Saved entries
================================
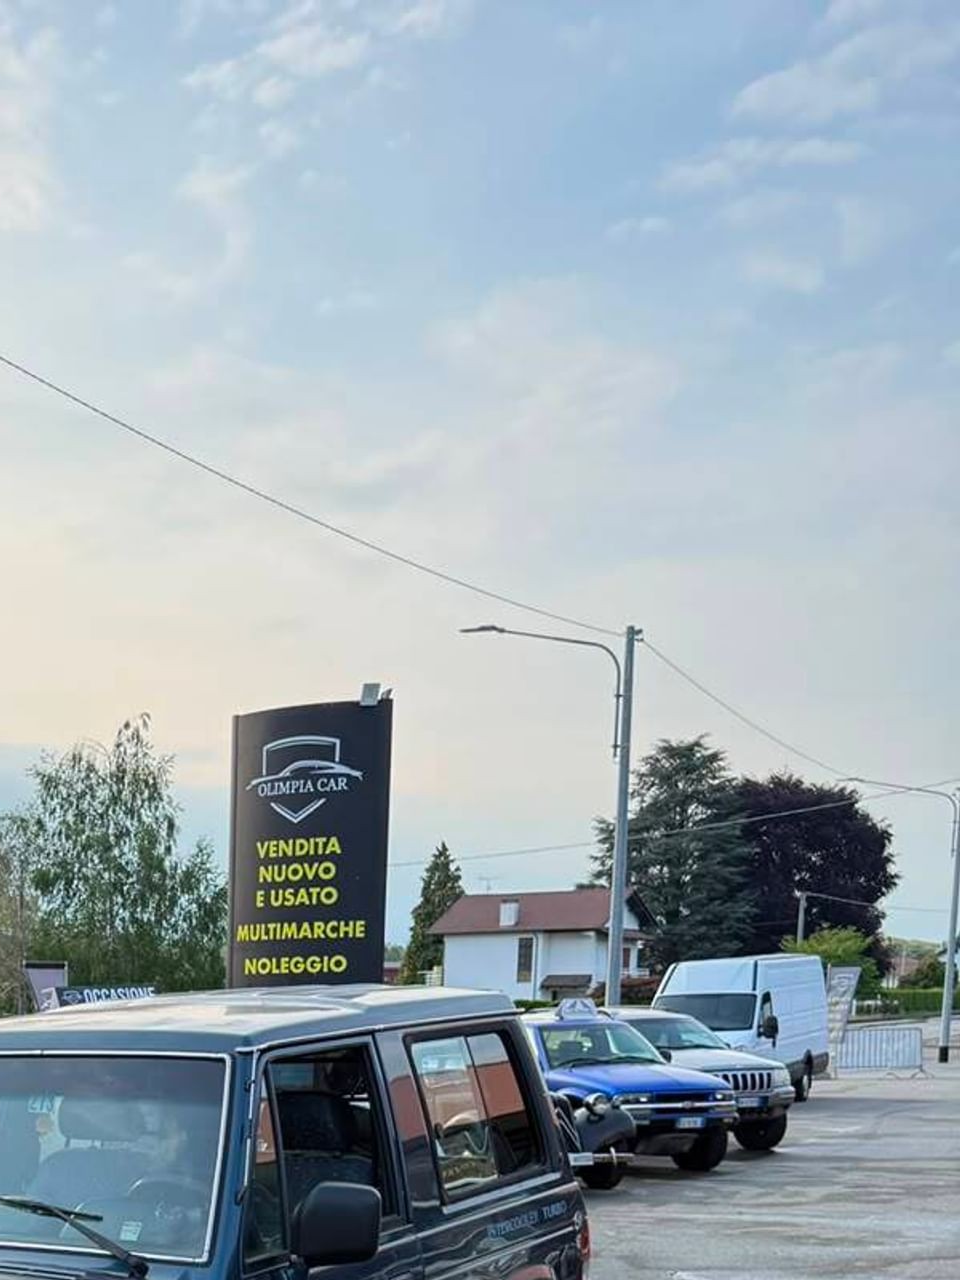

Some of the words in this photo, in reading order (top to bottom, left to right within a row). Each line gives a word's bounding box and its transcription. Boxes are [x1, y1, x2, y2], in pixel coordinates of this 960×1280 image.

[258, 780, 314, 797] OLIMPIA
[317, 777, 348, 792] CAR
[256, 836, 342, 859] VENDITA
[258, 861, 337, 883] NUOVO
[255, 892, 265, 908] E
[270, 886, 339, 908] USATO
[236, 920, 367, 942] MULTIMARCHE
[244, 955, 348, 976] NOLEGGIO
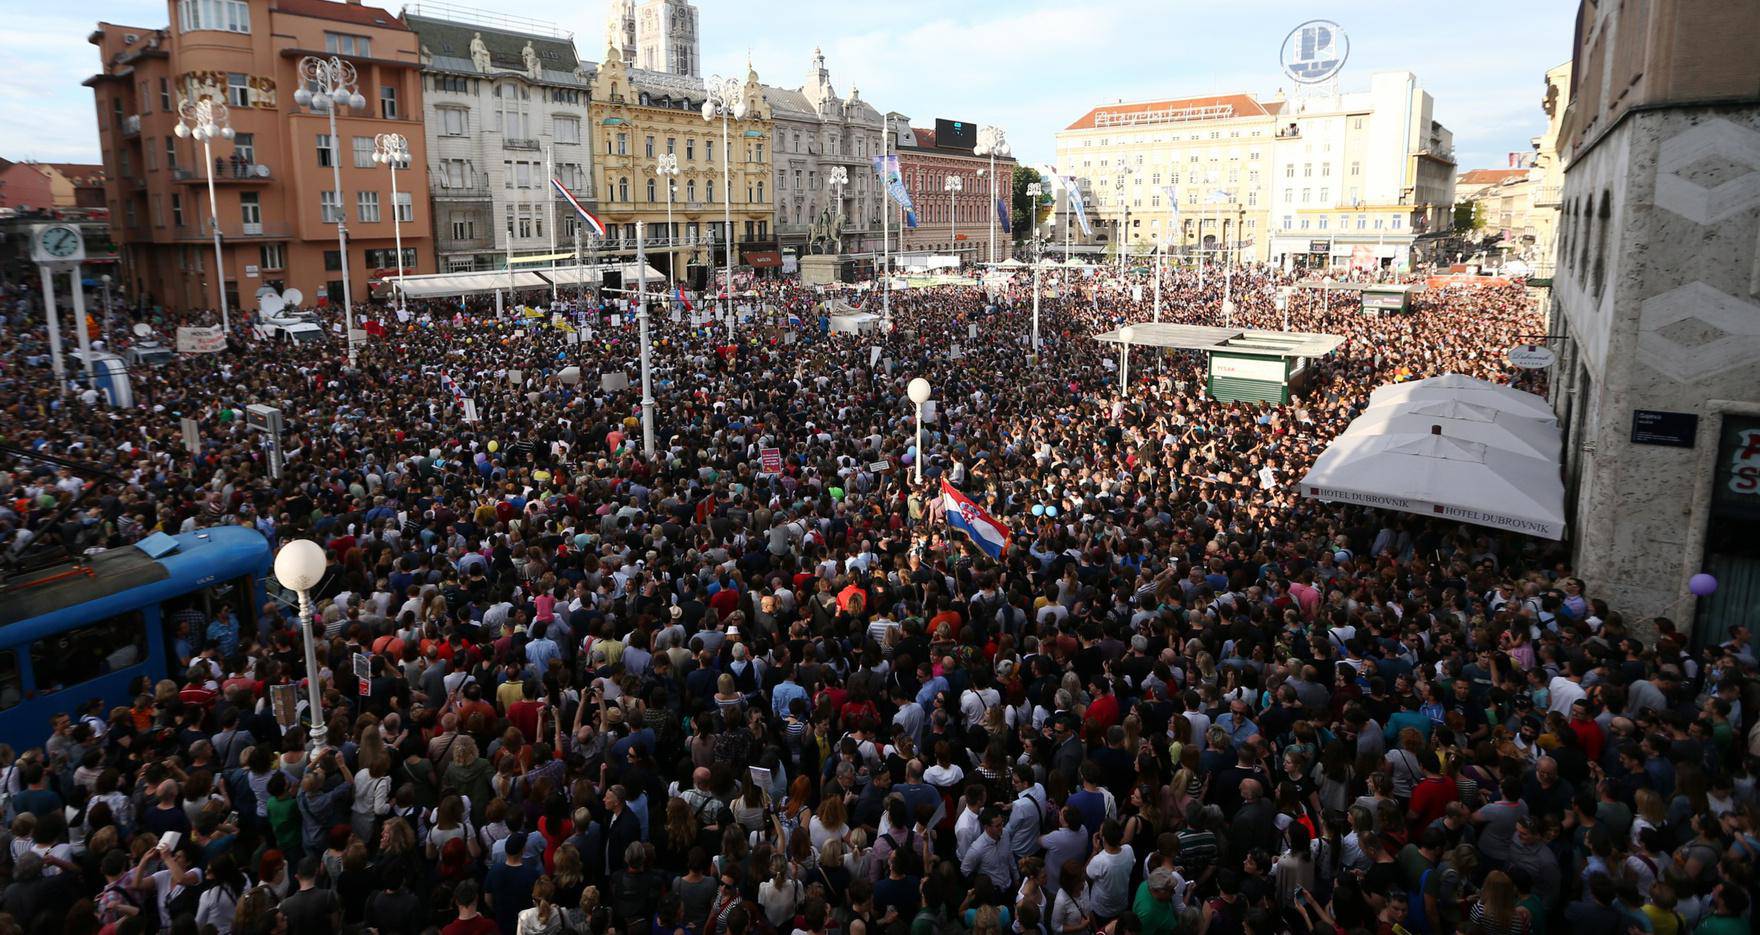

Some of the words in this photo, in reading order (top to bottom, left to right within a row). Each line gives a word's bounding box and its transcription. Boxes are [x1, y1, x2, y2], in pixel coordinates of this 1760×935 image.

[1320, 488, 1349, 499] HOTEL
[1351, 492, 1409, 508] DUBROVNIK
[1445, 507, 1480, 520] HOTEL
[1482, 513, 1549, 534] DUBROVNIK
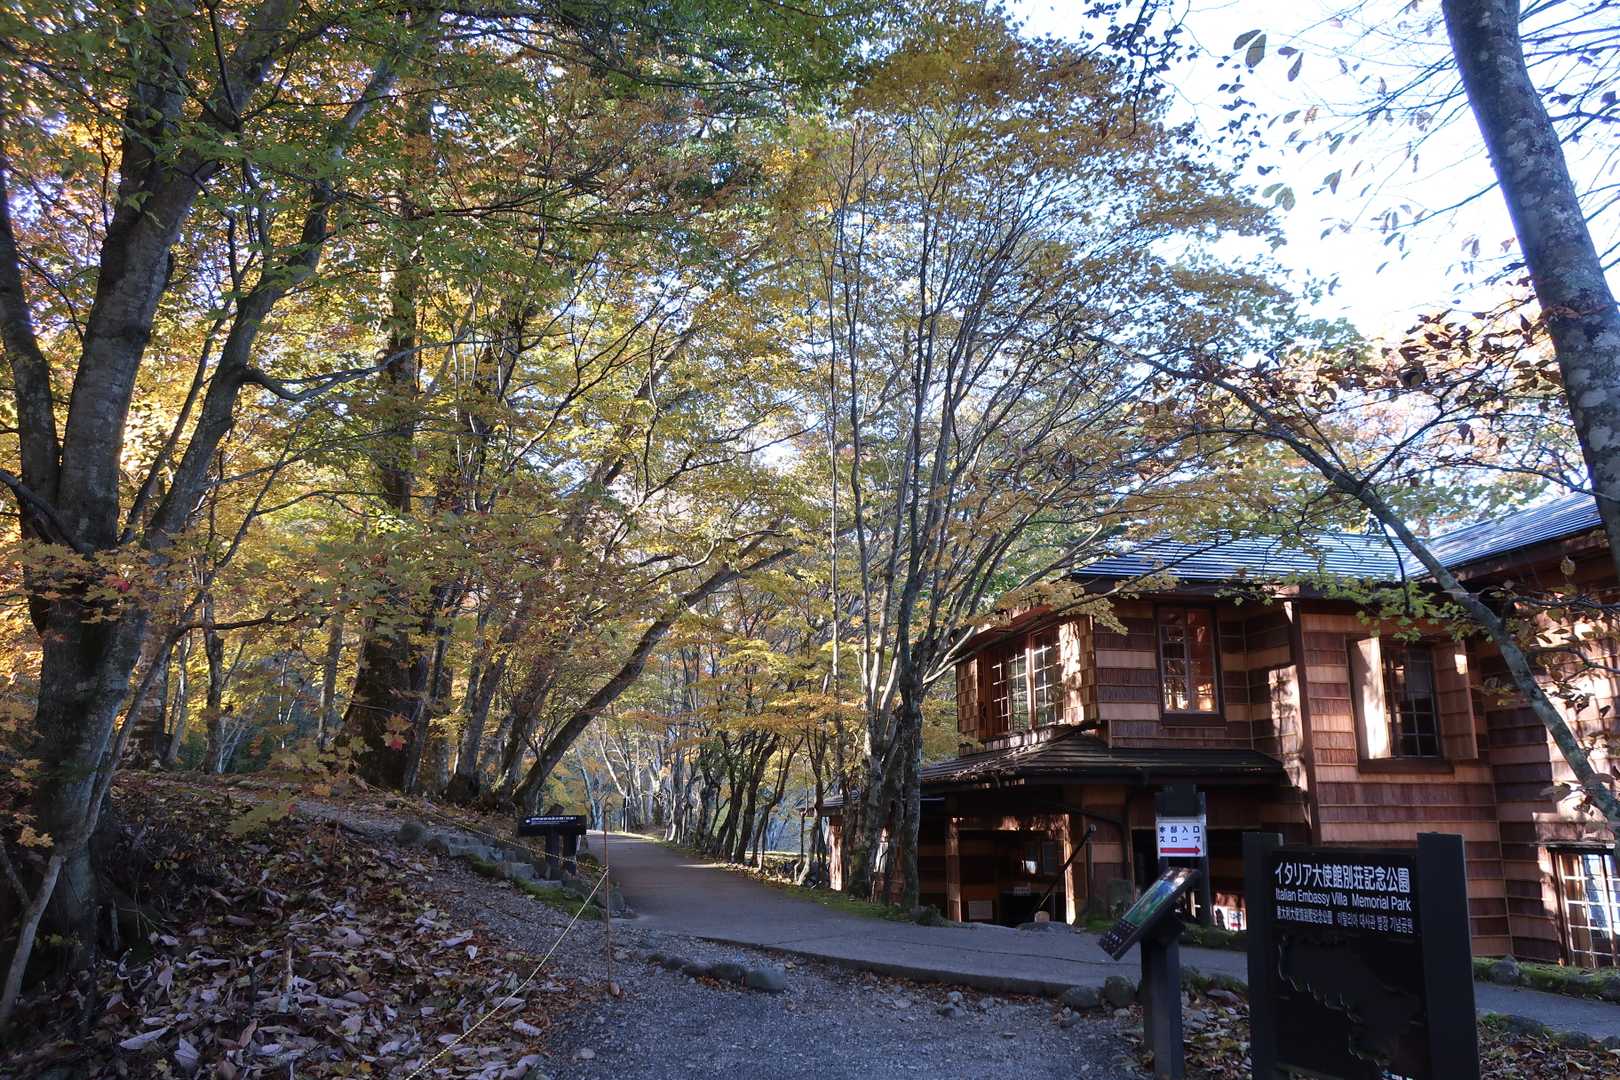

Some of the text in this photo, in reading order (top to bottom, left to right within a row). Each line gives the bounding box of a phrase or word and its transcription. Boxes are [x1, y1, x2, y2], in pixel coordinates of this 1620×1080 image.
================================
■ **YOUR OBJECTIVE**
Leaving the pictures behind, return every line above exactly.

■ **PROBLEM SOLUTION**
Some of the words in this photo, in reading order (top to bottom, left to right within a row). Each line gives a word's bounding box and its transcription. Boxes are [x1, y1, x2, y2], in pixel coordinates of this 960×1280 image.

[258, 780, 314, 797] OLIMPIA
[317, 777, 348, 792] CAR
[256, 836, 342, 859] VENDITA
[258, 861, 337, 883] NUOVO
[255, 892, 265, 908] E
[270, 886, 339, 908] USATO
[236, 920, 367, 942] MULTIMARCHE
[244, 955, 348, 976] NOLEGGIO

Some of the words in this photo, in reading order (top to bottom, left to right within a row). Each line gives a word's bounding box and its transcription. Boxes are [x1, y1, x2, y2], in pixel coordinates of this 1760×935 image.

[1320, 488, 1349, 499] HOTEL
[1351, 492, 1409, 508] DUBROVNIK
[1445, 507, 1480, 520] HOTEL
[1482, 513, 1549, 534] DUBROVNIK

Some of the text in this photo, in reading order (top to bottom, left to right within a row). Each line gives the bounding box of a phrase or word and its transcription. Boxes are [x1, y1, x2, y2], in pixel coordinates of this 1620×1080 image.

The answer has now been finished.